BEGIN Data to process

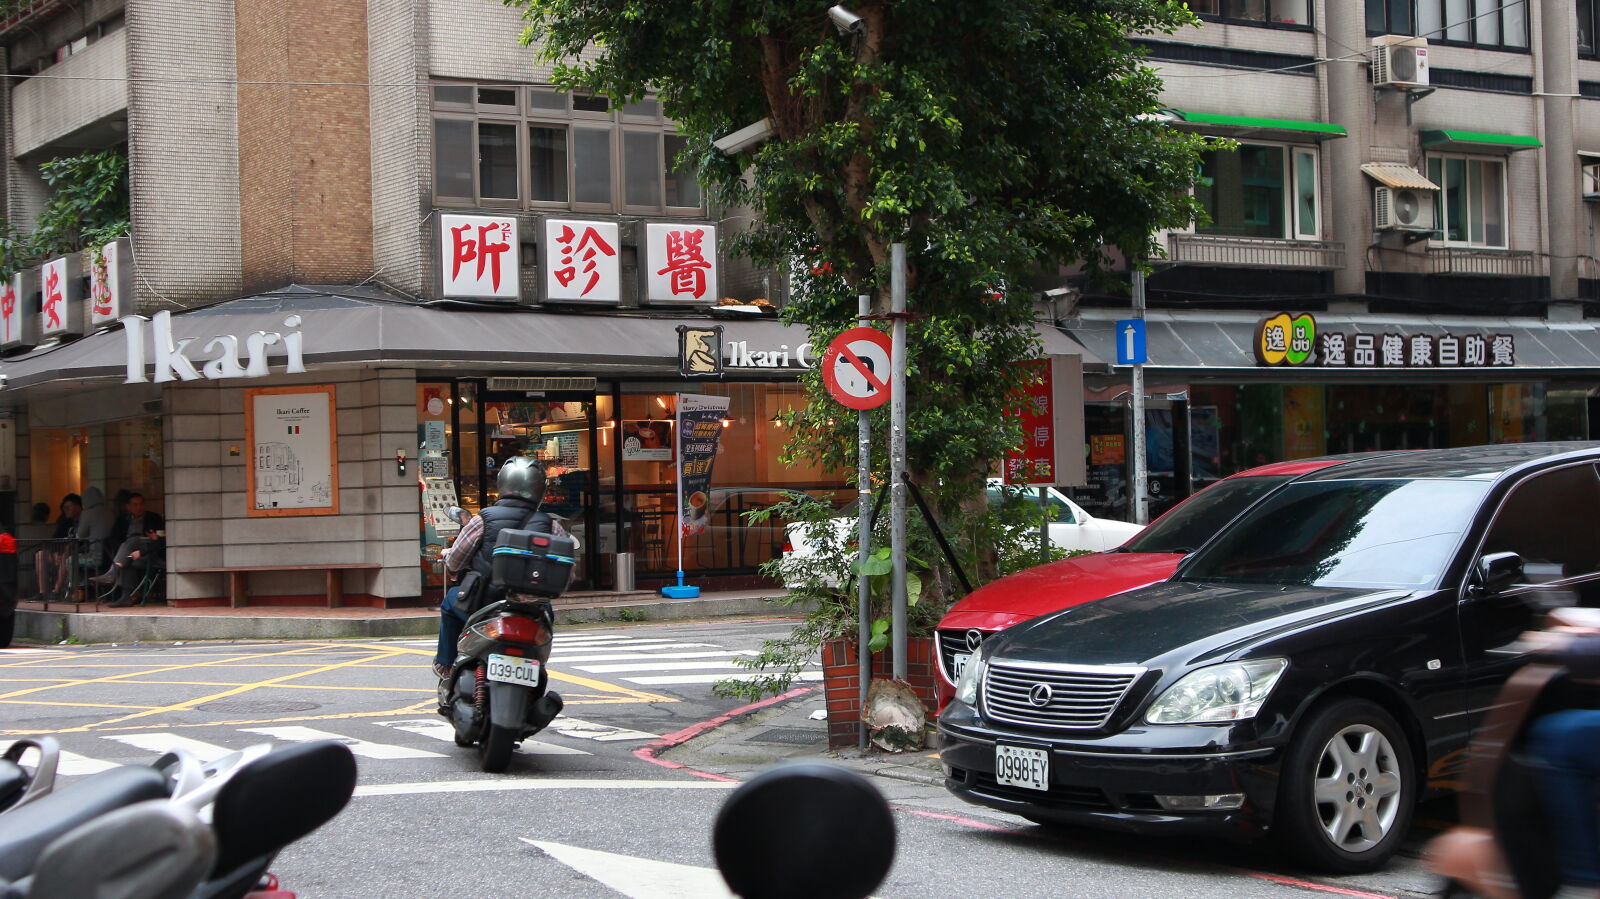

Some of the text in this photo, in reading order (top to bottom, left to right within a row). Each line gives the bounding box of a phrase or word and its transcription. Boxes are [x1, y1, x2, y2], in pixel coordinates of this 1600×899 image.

[451, 222, 510, 293] 所
[554, 225, 616, 297] 診
[657, 229, 712, 299] 醫
[43, 264, 62, 329] 安
[119, 310, 305, 384] Ikari
[728, 341, 789, 368] Ikari
[1323, 333, 1515, 366] 逸品健康自助餐
[490, 663, 536, 682] 039-CUL
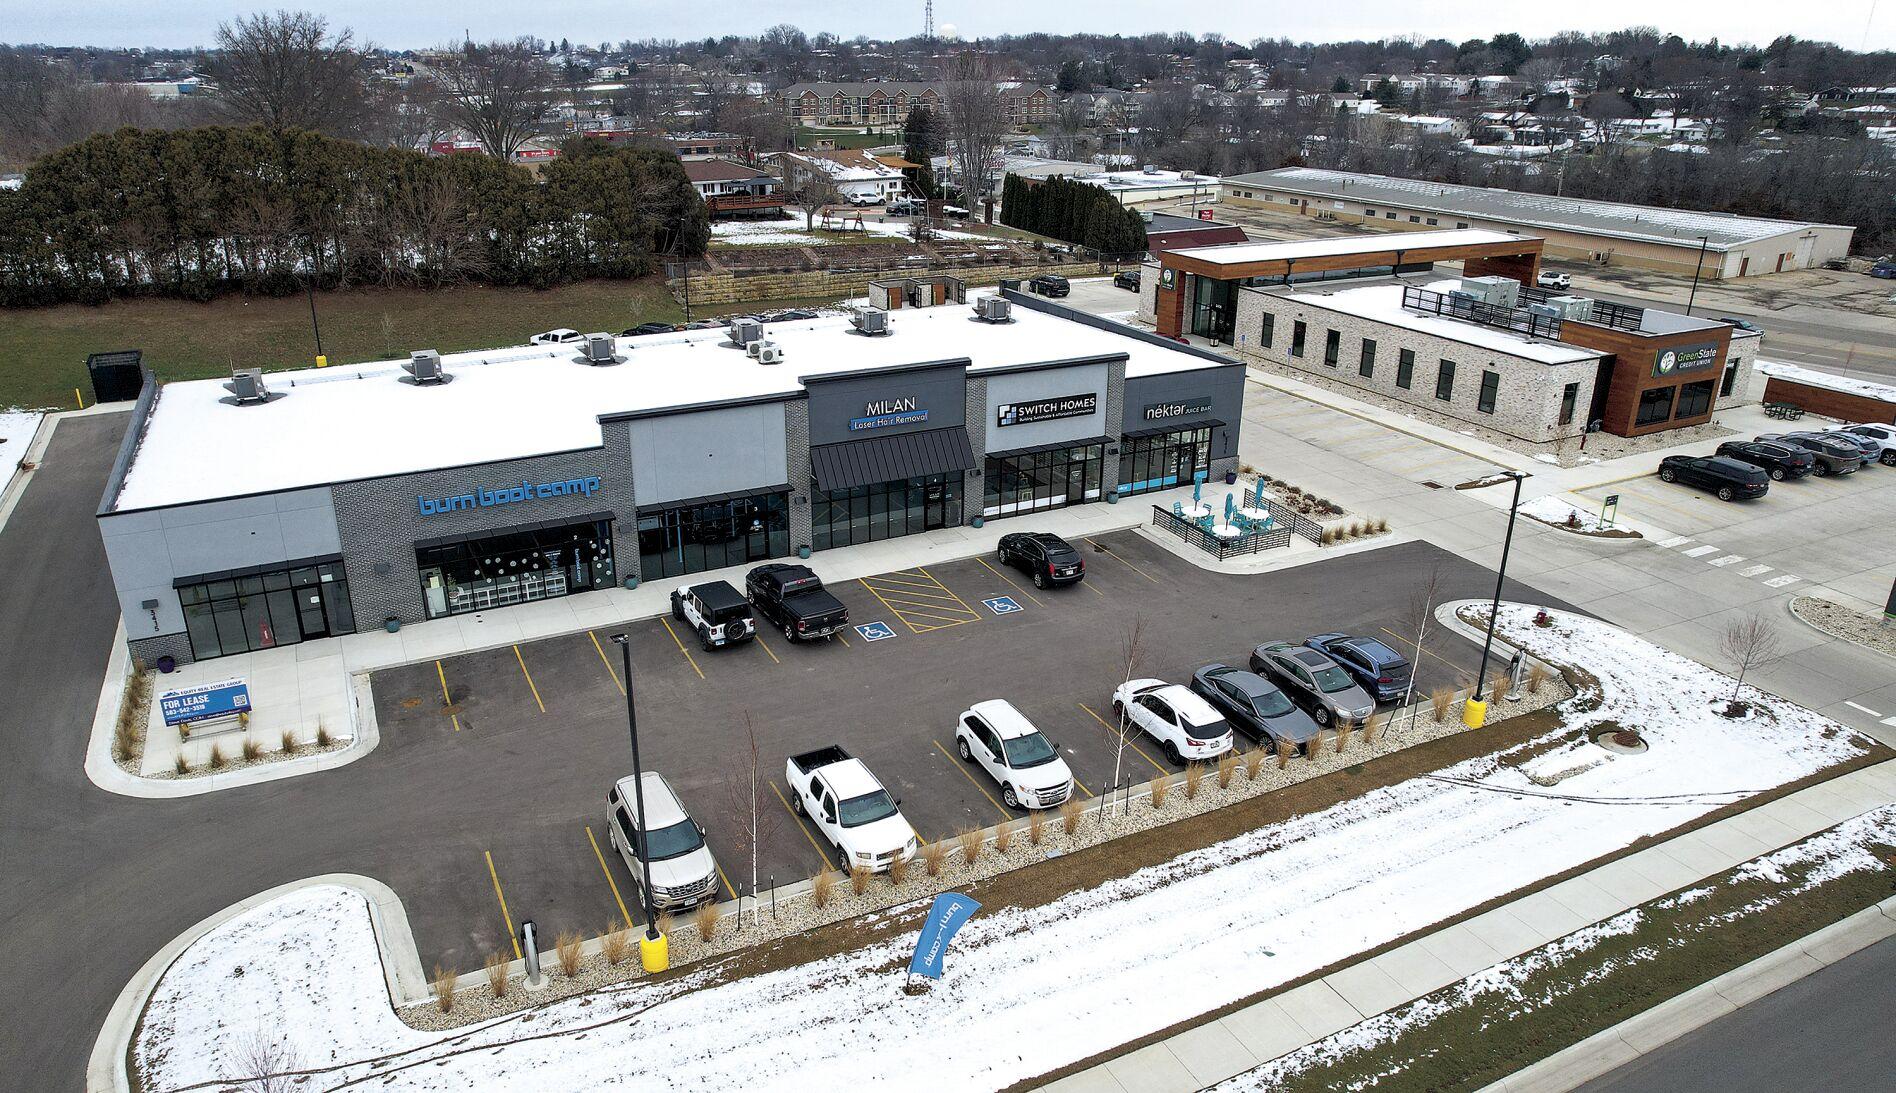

END Data to process

Omit every picture, and otherwise quote the entries exactly.

» **Answer section**:
Some of the text in this photo, in reading order (top to bottom, left to right within a row). Each line gives the bounding box of a phrase or word and its transcription. Boxes are [x1, y1, x2, y2], in pixel coordinates of this 1600×899 image.

[451, 222, 510, 293] 所
[554, 225, 616, 297] 診
[657, 229, 712, 299] 醫
[43, 264, 62, 329] 安
[119, 310, 305, 384] Ikari
[728, 341, 789, 368] Ikari
[1323, 333, 1515, 366] 逸品健康自助餐
[490, 663, 536, 682] 039-CUL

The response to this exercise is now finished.